Spanish researchers from the University of the Basque Country (UPV/EHU) and the Technical University of Cataluña (UPC) have now turned their attention to an amphibian in order to come up with new computational algorithms: the Japanese tree frog (Hyla japonica).
The males of this species sing to attract their female counterparts, which are able to identify the source of the call and pinpoint the location of the would-be suitor. The problem arises when two or more males are too close together and sing at the same time. If this happens, the females get confused and cannot tell where the calls are coming from.
For this reason, the males have had to learn to desynchronise their singings, meaning that they don’t sing at the same time. This allows the females to differentiate between them, and thus choose the most talented one. “This process is a great example of self-organisation in nature, which has allowed us to develop bio-inspired algorithms,” explains Christian Blum, Ikerbasque Professor at the UPV/EHU.
The team has used this mathematical tool to resolve computing issues associated with graphs, set of nodes joined together by links which represent their interrelationships.
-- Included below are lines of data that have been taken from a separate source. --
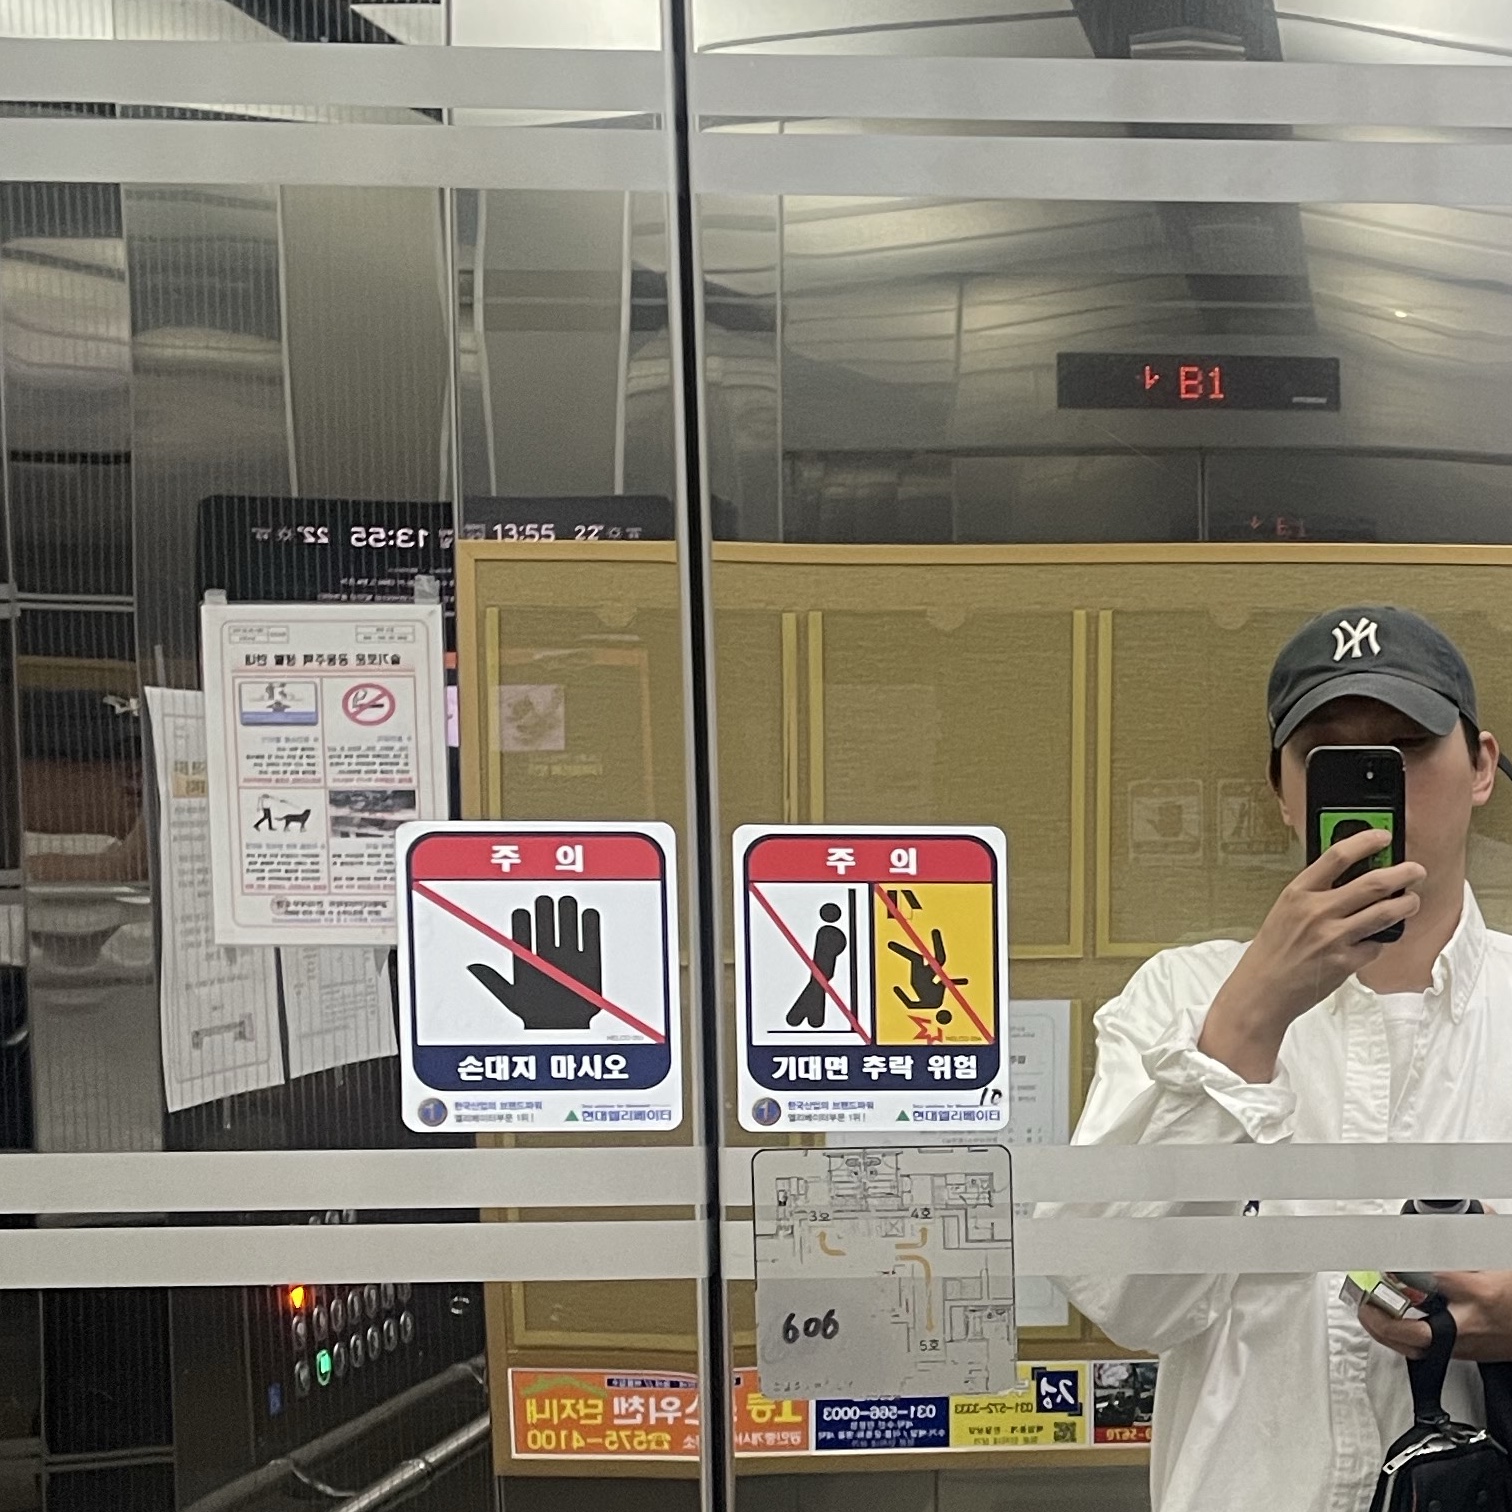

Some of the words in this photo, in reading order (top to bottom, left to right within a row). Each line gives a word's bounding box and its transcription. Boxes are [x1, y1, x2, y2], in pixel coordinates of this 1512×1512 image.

[1179, 364, 1225, 400] B1
[493, 522, 555, 542] 13:55
[457, 1054, 537, 1081] 손대지
[550, 1054, 629, 1080] 마시오
[771, 1055, 849, 1082] 기대면
[862, 1055, 914, 1081] 추락
[927, 1055, 978, 1080] 위험
[782, 1308, 840, 1344] 606
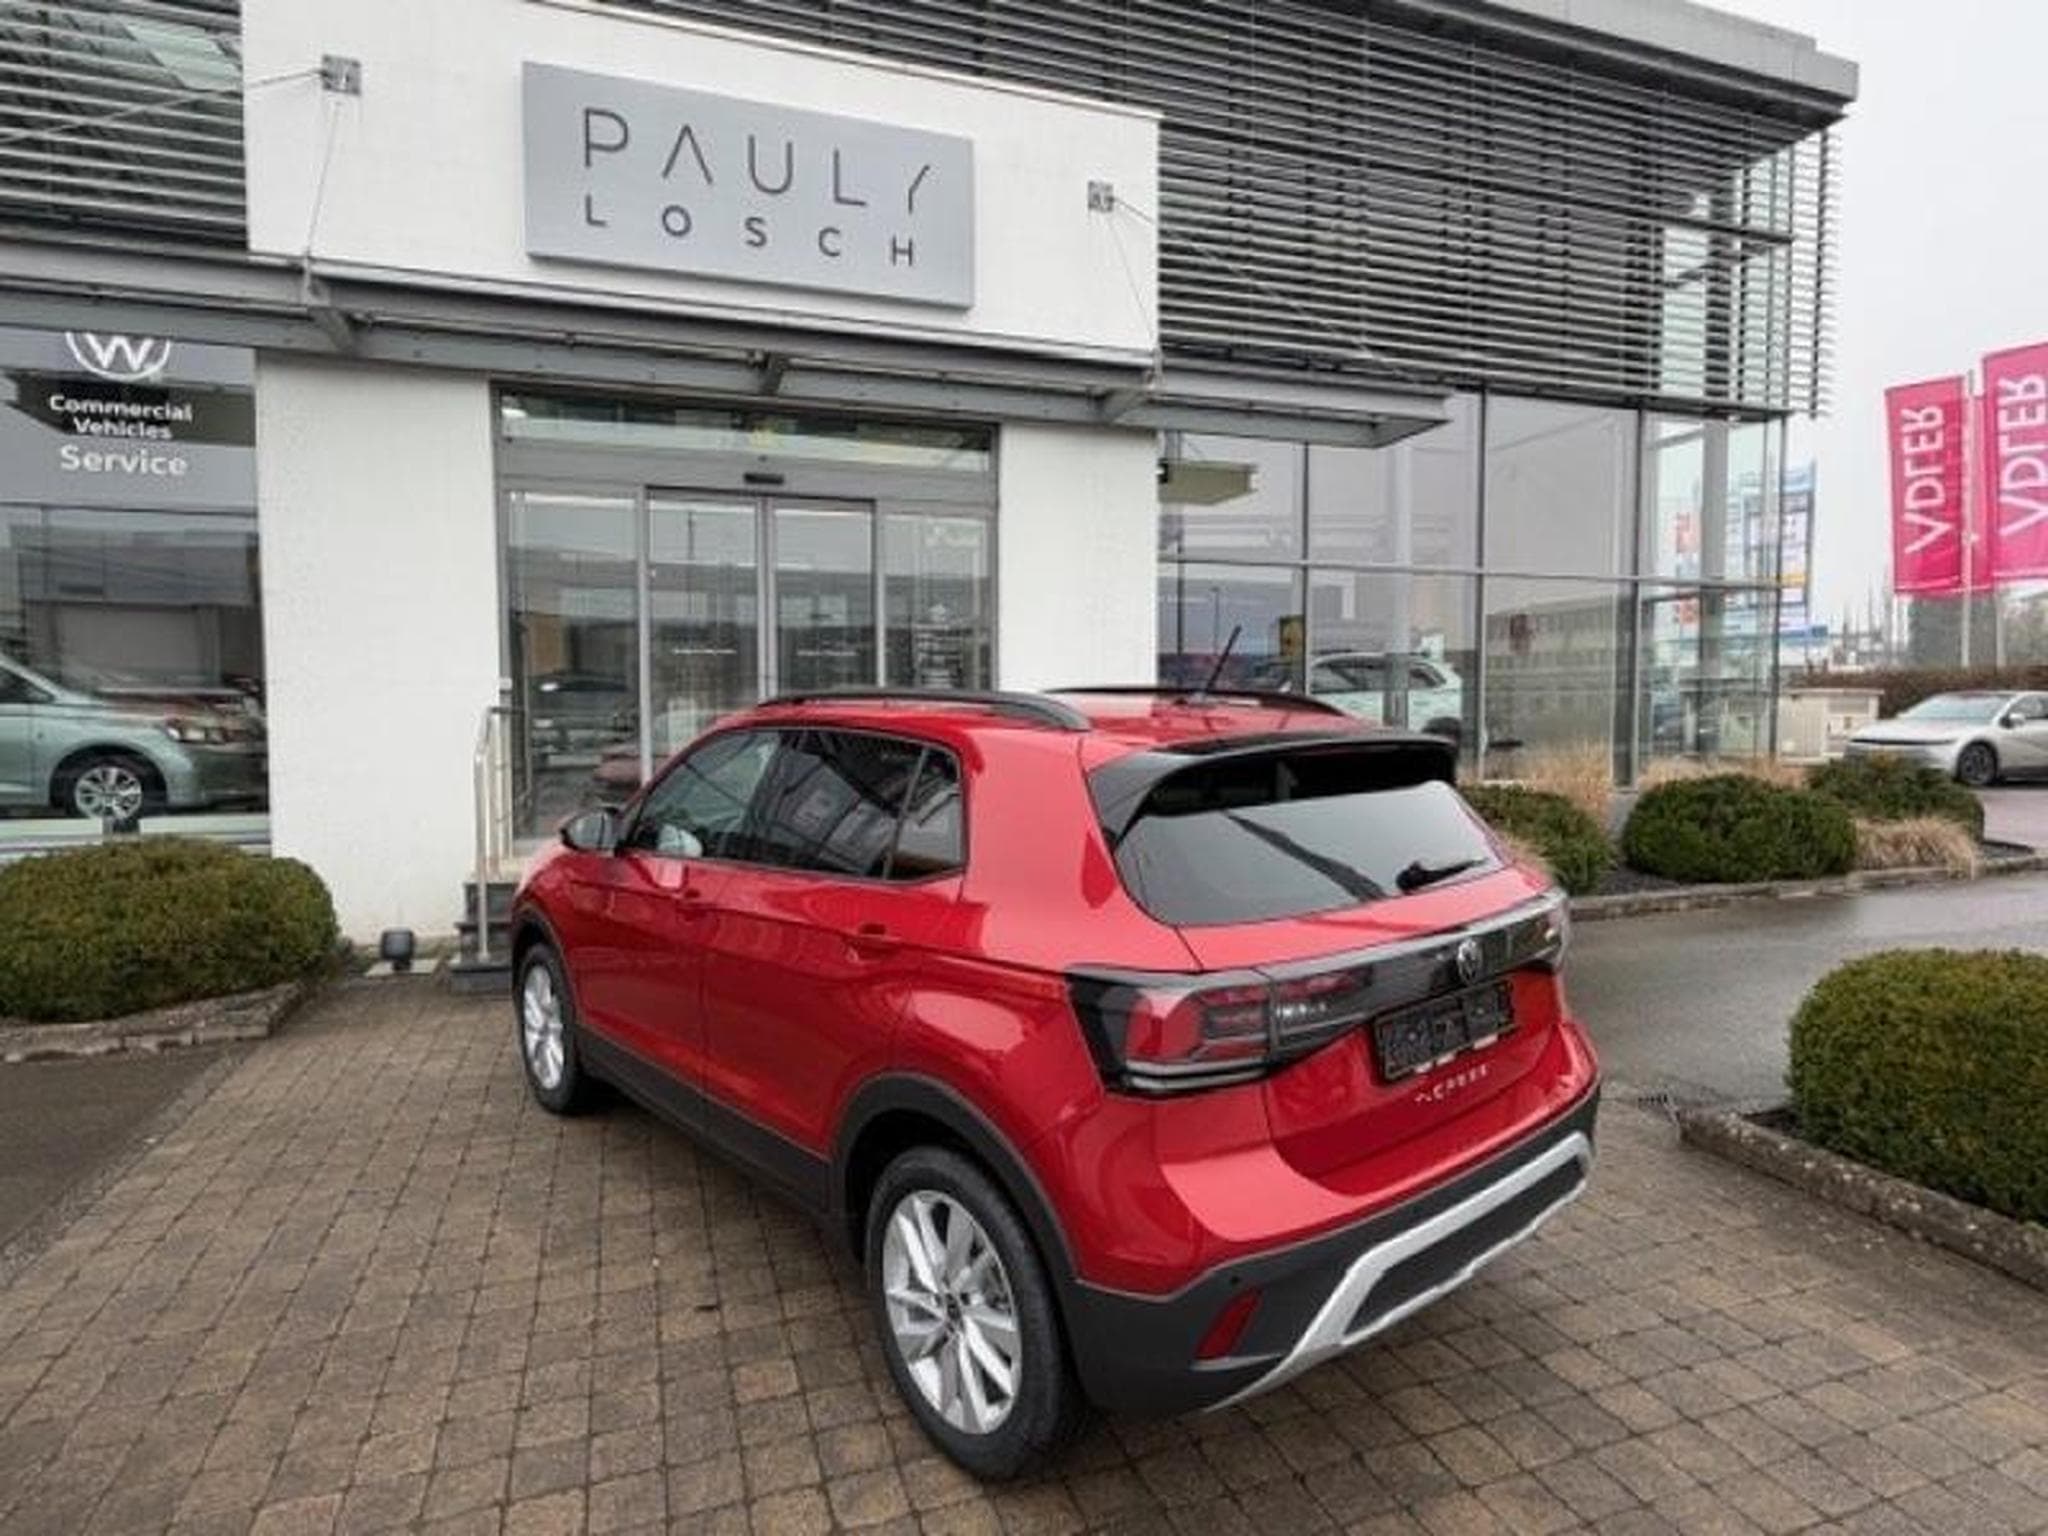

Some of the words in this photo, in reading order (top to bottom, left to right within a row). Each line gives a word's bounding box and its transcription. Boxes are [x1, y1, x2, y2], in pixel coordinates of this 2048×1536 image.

[584, 106, 932, 213] PAULY
[584, 193, 914, 267] LOSCH
[49, 394, 194, 423] Commercial
[73, 416, 174, 440] Vehicles
[60, 444, 189, 476] Service
For example, metro networks or the friendships between people could be represented in graphs.
Several years ago, partially the same researchers used these algorithms to colour graphs, a technique with possible applications in the field of wireless networks. Now, according to a study published in the journal ‘Swarm Intelligence‘, they have been used to detect something called ‘independent set of nodes’, meaning those which are not directly connected within the graph.
“This has a number of vital applications in communication networks, such as in the formation of wireless backbone networks,” Blum suggests, “but also in social networks such as Facebook and Twitter, since it allows for structural analysis and for the detection of independent communities within these networks.”
In this way, it is possible to track down inconspicuous or inactive users, detect tight-knit communities that don’t interact with anyone else, discover popular or well-known individuals within the network, or find users who would be willing to connect in order to improve relations between specific communities. “All these issues can be translated into mathematical problems, which can then be solved on a graph representing the network,” Blum points out.
According to the authors, the results of these new algorithms “are excellent, the best ever up until now, and have done significantly more than other algorithms, such as those inspired by the nervous system of the Drosophila fly, were able to accomplish.”